►

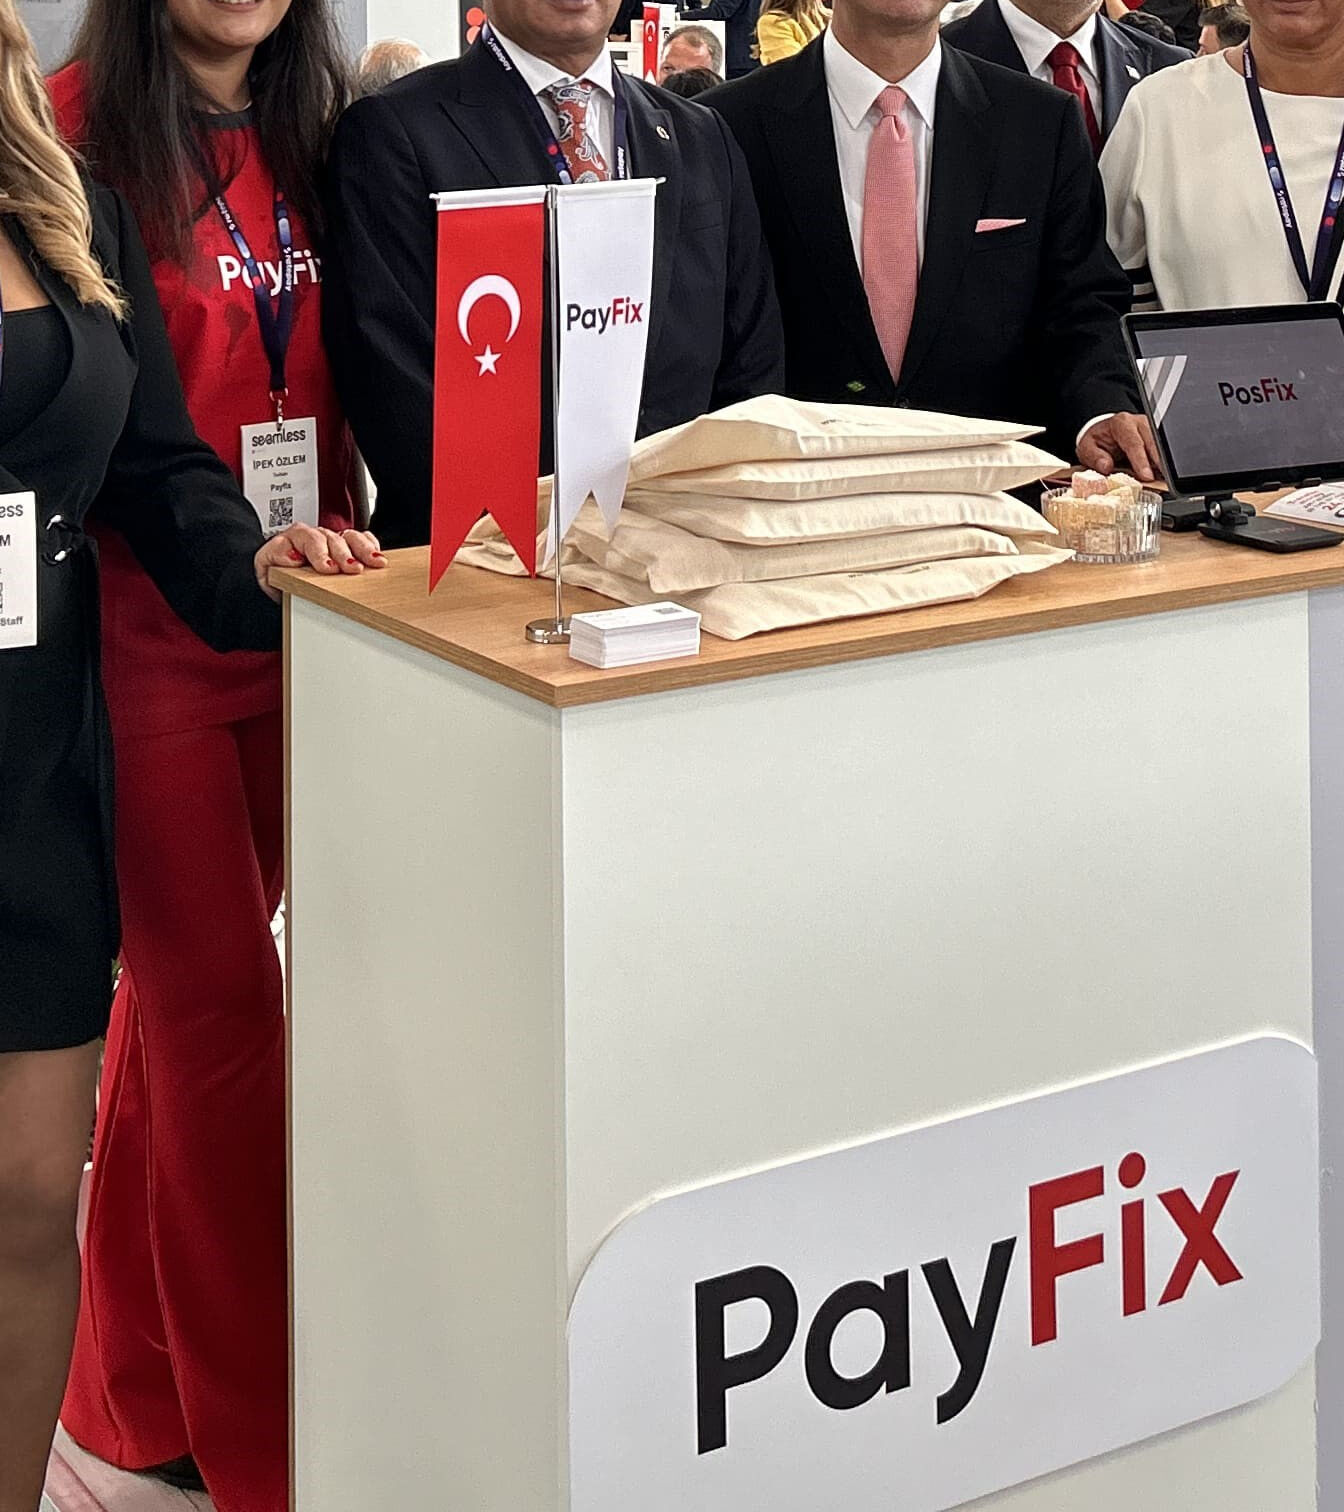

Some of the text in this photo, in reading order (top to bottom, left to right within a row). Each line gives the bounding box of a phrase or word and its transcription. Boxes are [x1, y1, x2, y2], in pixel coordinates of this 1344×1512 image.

[566, 296, 643, 334] PayFix
[1218, 378, 1298, 406] PosFix
[252, 428, 306, 447] seamless
[0, 616, 24, 627] Staff
[694, 1151, 1244, 1455] PayFix
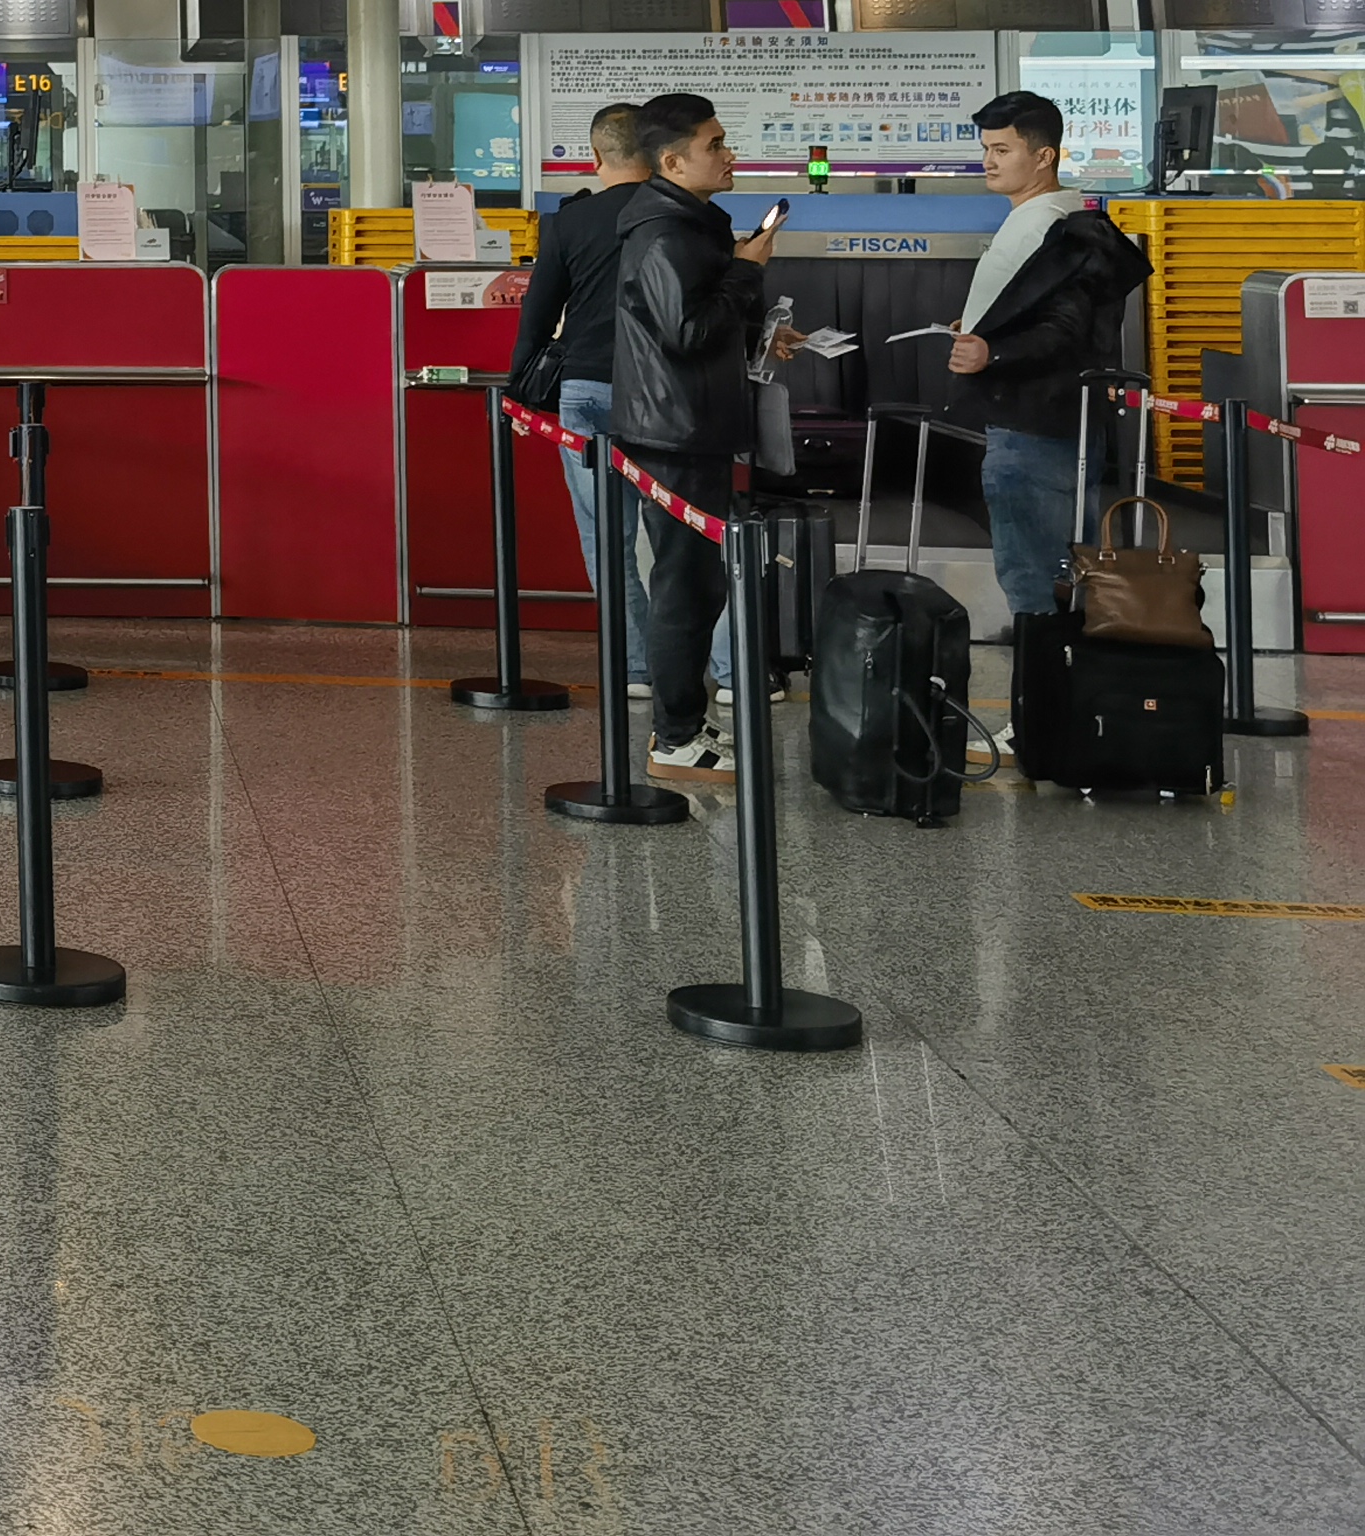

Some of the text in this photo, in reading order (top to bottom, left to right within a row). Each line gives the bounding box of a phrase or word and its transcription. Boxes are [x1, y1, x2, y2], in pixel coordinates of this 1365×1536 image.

[702, 36, 829, 48] 行李运输安全须知
[1051, 97, 1138, 116] 装得体
[848, 237, 928, 252] FISCAN
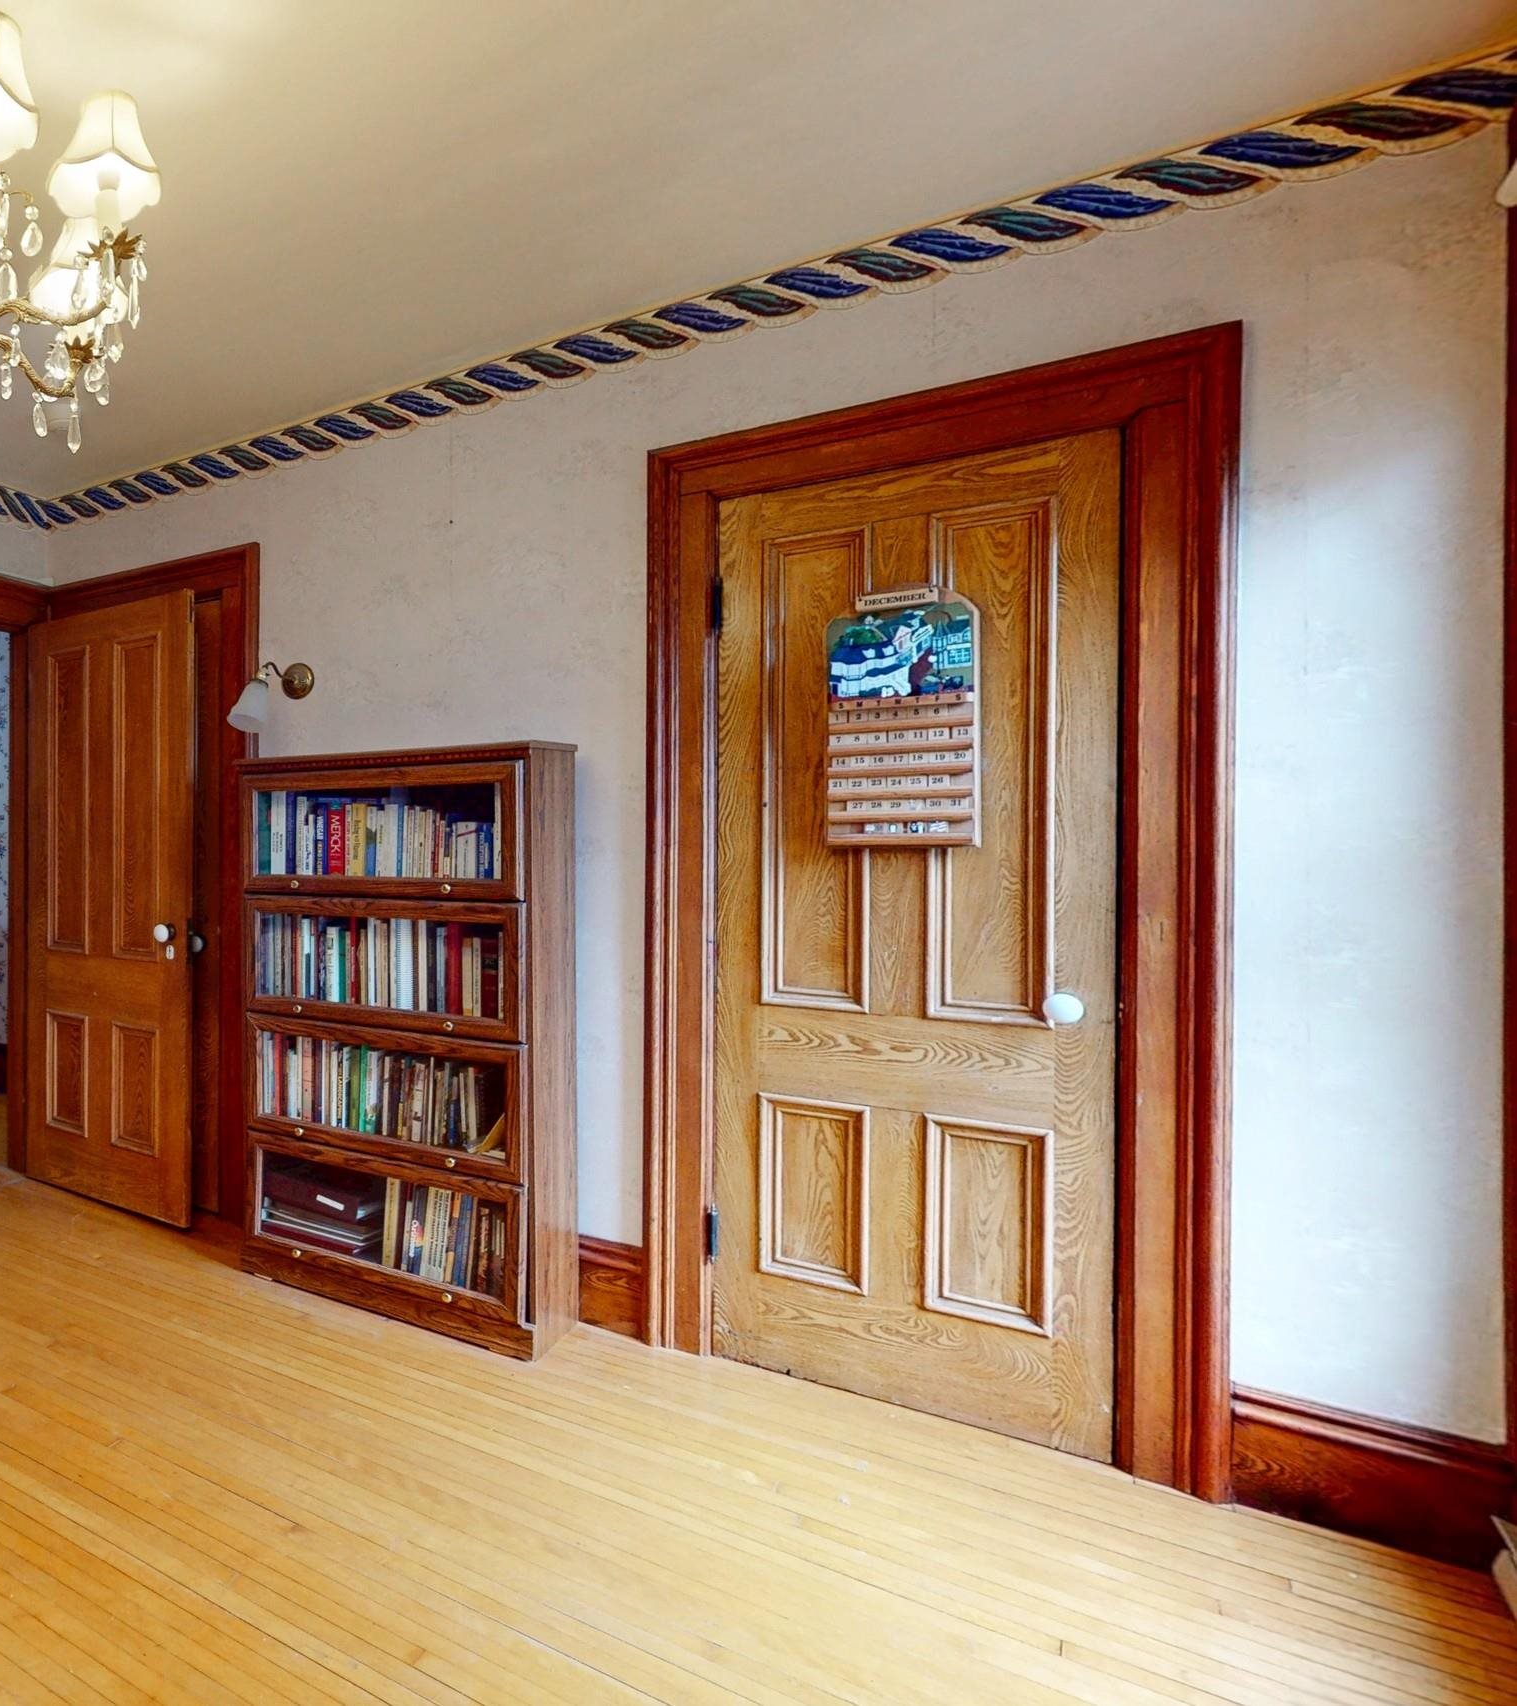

◄

### EXERCISE AIM
Nothing but an exact repeat of the records, pictures excluded, belongs in the answer.

### ANSWER BOX
Some of the text in this photo, in reading order (top to bottom, left to right within a row). Each line gives the bounding box of a phrase or word and its transcription. Boxes are [x1, y1, x2, y2], in pixel coordinates of this 1344×1512 image.

[566, 296, 643, 334] PayFix
[1218, 378, 1298, 406] PosFix
[252, 428, 306, 447] seamless
[0, 616, 24, 627] Staff
[694, 1151, 1244, 1455] PayFix

Some of the text in this photo, in reading order (top to bottom, left to right within a row). Each line gives the bounding box of a phrase or word and its transcription. Boxes are [x1, y1, x2, y2], in pixel coordinates of this 1365×1536 image.

[702, 36, 829, 48] 行李运输安全须知
[1051, 97, 1138, 116] 装得体
[848, 237, 928, 252] FISCAN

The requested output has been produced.